■ Task: Output every record precisely.

[Stored items]
****************************************
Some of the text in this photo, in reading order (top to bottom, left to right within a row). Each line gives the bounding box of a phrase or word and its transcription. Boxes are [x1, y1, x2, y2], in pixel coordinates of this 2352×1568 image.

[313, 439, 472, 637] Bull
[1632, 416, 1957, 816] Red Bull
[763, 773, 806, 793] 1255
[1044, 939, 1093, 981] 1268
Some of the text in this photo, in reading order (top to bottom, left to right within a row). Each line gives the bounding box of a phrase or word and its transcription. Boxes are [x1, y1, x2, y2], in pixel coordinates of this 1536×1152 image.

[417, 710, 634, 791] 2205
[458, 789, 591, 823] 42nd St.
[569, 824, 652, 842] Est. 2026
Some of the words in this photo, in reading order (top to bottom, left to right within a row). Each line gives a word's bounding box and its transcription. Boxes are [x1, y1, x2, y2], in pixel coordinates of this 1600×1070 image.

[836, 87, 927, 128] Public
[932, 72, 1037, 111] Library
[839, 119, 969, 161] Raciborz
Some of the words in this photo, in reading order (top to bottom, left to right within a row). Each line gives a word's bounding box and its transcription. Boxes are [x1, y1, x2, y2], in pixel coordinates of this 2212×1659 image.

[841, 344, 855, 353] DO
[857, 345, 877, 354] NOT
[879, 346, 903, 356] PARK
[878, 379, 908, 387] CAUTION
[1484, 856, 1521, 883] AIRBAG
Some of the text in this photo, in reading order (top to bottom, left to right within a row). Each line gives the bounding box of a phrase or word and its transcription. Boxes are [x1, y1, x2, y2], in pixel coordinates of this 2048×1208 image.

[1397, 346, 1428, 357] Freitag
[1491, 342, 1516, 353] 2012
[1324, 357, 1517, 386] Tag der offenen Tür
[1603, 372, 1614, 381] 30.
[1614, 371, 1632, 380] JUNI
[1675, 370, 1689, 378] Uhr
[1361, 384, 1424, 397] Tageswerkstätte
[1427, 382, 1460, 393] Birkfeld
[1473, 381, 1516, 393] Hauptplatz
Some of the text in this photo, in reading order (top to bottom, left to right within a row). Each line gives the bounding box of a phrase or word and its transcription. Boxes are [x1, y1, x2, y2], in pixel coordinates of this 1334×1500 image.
****************************************
■ Answer to this problem:
Some of the text in this photo, in reading order (top to bottom, left to right within a row). Each line gives the bounding box of a phrase or word and its transcription. Boxes are [x1, y1, x2, y2], in pixel coordinates of this 2352×1568 image.

[313, 439, 472, 637] Bull
[1632, 416, 1957, 816] Red Bull
[763, 773, 806, 793] 1255
[1044, 939, 1093, 981] 1268
Some of the text in this photo, in reading order (top to bottom, left to right within a row). Each line gives the bounding box of a phrase or word and its transcription. Boxes are [x1, y1, x2, y2], in pixel coordinates of this 1536×1152 image.

[417, 710, 634, 791] 2205
[458, 789, 591, 823] 42nd St.
[569, 824, 652, 842] Est. 2026
Some of the words in this photo, in reading order (top to bottom, left to right within a row). Each line gives a word's bounding box and its transcription. Boxes are [x1, y1, x2, y2], in pixel coordinates of this 1600×1070 image.

[836, 87, 927, 128] Public
[932, 72, 1037, 111] Library
[839, 119, 969, 161] Raciborz
Some of the words in this photo, in reading order (top to bottom, left to right within a row). Each line gives a word's bounding box and its transcription. Boxes are [x1, y1, x2, y2], in pixel coordinates of this 2212×1659 image.

[841, 344, 855, 353] DO
[857, 345, 877, 354] NOT
[879, 346, 903, 356] PARK
[878, 379, 908, 387] CAUTION
[1484, 856, 1521, 883] AIRBAG
Some of the text in this photo, in reading order (top to bottom, left to right within a row). Each line gives the bounding box of a phrase or word and its transcription. Boxes are [x1, y1, x2, y2], in pixel coordinates of this 2048×1208 image.

[1397, 346, 1428, 357] Freitag
[1491, 342, 1516, 353] 2012
[1324, 357, 1517, 386] Tag der offenen Tür
[1603, 372, 1614, 381] 30.
[1614, 371, 1632, 380] JUNI
[1675, 370, 1689, 378] Uhr
[1361, 384, 1424, 397] Tageswerkstätte
[1427, 382, 1460, 393] Birkfeld
[1473, 381, 1516, 393] Hauptplatz
Some of the text in this photo, in reading order (top to bottom, left to right within a row). Each line gives the bounding box of a phrase or word and its transcription. Boxes are [x1, y1, x2, y2], in pixel coordinates of this 1334×1500 image.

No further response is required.